* [What is being asked] Go through the material and set down every line without alteration.

* [Supplied material]

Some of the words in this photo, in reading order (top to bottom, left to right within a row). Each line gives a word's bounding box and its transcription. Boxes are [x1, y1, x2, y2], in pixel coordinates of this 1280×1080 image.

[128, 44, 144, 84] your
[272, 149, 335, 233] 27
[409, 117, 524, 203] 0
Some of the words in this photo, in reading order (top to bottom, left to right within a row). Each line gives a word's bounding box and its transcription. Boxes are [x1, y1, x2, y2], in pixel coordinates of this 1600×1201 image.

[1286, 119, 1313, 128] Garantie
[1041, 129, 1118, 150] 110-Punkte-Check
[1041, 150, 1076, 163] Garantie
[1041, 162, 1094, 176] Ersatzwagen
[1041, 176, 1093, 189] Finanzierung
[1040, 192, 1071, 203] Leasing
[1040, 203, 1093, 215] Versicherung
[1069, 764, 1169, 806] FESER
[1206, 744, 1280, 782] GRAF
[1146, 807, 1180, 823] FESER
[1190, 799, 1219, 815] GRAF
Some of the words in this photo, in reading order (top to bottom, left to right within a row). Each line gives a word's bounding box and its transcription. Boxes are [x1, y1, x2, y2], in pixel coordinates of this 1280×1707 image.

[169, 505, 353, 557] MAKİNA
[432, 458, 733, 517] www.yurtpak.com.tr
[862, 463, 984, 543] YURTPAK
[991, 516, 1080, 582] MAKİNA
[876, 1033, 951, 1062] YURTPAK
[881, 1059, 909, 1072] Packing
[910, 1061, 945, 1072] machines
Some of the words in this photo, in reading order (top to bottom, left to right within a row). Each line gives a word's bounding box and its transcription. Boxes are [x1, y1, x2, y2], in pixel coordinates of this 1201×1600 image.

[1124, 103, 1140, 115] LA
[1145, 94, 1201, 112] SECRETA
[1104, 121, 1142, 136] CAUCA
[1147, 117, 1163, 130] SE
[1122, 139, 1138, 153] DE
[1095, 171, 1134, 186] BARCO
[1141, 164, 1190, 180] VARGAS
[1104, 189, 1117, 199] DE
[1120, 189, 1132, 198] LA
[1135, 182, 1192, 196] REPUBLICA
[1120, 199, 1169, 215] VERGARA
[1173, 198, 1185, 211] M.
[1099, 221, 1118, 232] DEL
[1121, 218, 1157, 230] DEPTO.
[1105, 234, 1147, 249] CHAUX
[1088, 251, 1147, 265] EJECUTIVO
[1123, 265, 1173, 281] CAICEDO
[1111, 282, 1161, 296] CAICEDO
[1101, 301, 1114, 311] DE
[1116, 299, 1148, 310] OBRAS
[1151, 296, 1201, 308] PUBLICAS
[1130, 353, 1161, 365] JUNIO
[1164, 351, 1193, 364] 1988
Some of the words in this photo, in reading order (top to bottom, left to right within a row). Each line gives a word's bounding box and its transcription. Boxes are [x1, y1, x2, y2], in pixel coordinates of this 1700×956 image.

* [Response to the exercise]
Some of the words in this photo, in reading order (top to bottom, left to right within a row). Each line gives a word's bounding box and its transcription. Boxes are [x1, y1, x2, y2], in pixel coordinates of this 1280×1080 image.

[128, 44, 144, 84] your
[272, 149, 335, 233] 27
[409, 117, 524, 203] 0
Some of the words in this photo, in reading order (top to bottom, left to right within a row). Each line gives a word's bounding box and its transcription. Boxes are [x1, y1, x2, y2], in pixel coordinates of this 1600×1201 image.

[1286, 119, 1313, 128] Garantie
[1041, 129, 1118, 150] 110-Punkte-Check
[1041, 150, 1076, 163] Garantie
[1041, 162, 1094, 176] Ersatzwagen
[1041, 176, 1093, 189] Finanzierung
[1040, 192, 1071, 203] Leasing
[1040, 203, 1093, 215] Versicherung
[1069, 764, 1169, 806] FESER
[1206, 744, 1280, 782] GRAF
[1146, 807, 1180, 823] FESER
[1190, 799, 1219, 815] GRAF
Some of the words in this photo, in reading order (top to bottom, left to right within a row). Each line gives a word's bounding box and its transcription. Boxes are [x1, y1, x2, y2], in pixel coordinates of this 1280×1707 image.

[169, 505, 353, 557] MAKİNA
[432, 458, 733, 517] www.yurtpak.com.tr
[862, 463, 984, 543] YURTPAK
[991, 516, 1080, 582] MAKİNA
[876, 1033, 951, 1062] YURTPAK
[881, 1059, 909, 1072] Packing
[910, 1061, 945, 1072] machines
Some of the words in this photo, in reading order (top to bottom, left to right within a row). Each line gives a word's bounding box and its transcription. Boxes are [x1, y1, x2, y2], in pixel coordinates of this 1201×1600 image.

[1124, 103, 1140, 115] LA
[1145, 94, 1201, 112] SECRETA
[1104, 121, 1142, 136] CAUCA
[1147, 117, 1163, 130] SE
[1122, 139, 1138, 153] DE
[1095, 171, 1134, 186] BARCO
[1141, 164, 1190, 180] VARGAS
[1104, 189, 1117, 199] DE
[1120, 189, 1132, 198] LA
[1135, 182, 1192, 196] REPUBLICA
[1120, 199, 1169, 215] VERGARA
[1173, 198, 1185, 211] M.
[1099, 221, 1118, 232] DEL
[1121, 218, 1157, 230] DEPTO.
[1105, 234, 1147, 249] CHAUX
[1088, 251, 1147, 265] EJECUTIVO
[1123, 265, 1173, 281] CAICEDO
[1111, 282, 1161, 296] CAICEDO
[1101, 301, 1114, 311] DE
[1116, 299, 1148, 310] OBRAS
[1151, 296, 1201, 308] PUBLICAS
[1130, 353, 1161, 365] JUNIO
[1164, 351, 1193, 364] 1988
Some of the words in this photo, in reading order (top to bottom, left to right within a row). Each line gives a word's bounding box and its transcription. Boxes are [x1, y1, x2, y2], in pixel coordinates of this 1700×956 image.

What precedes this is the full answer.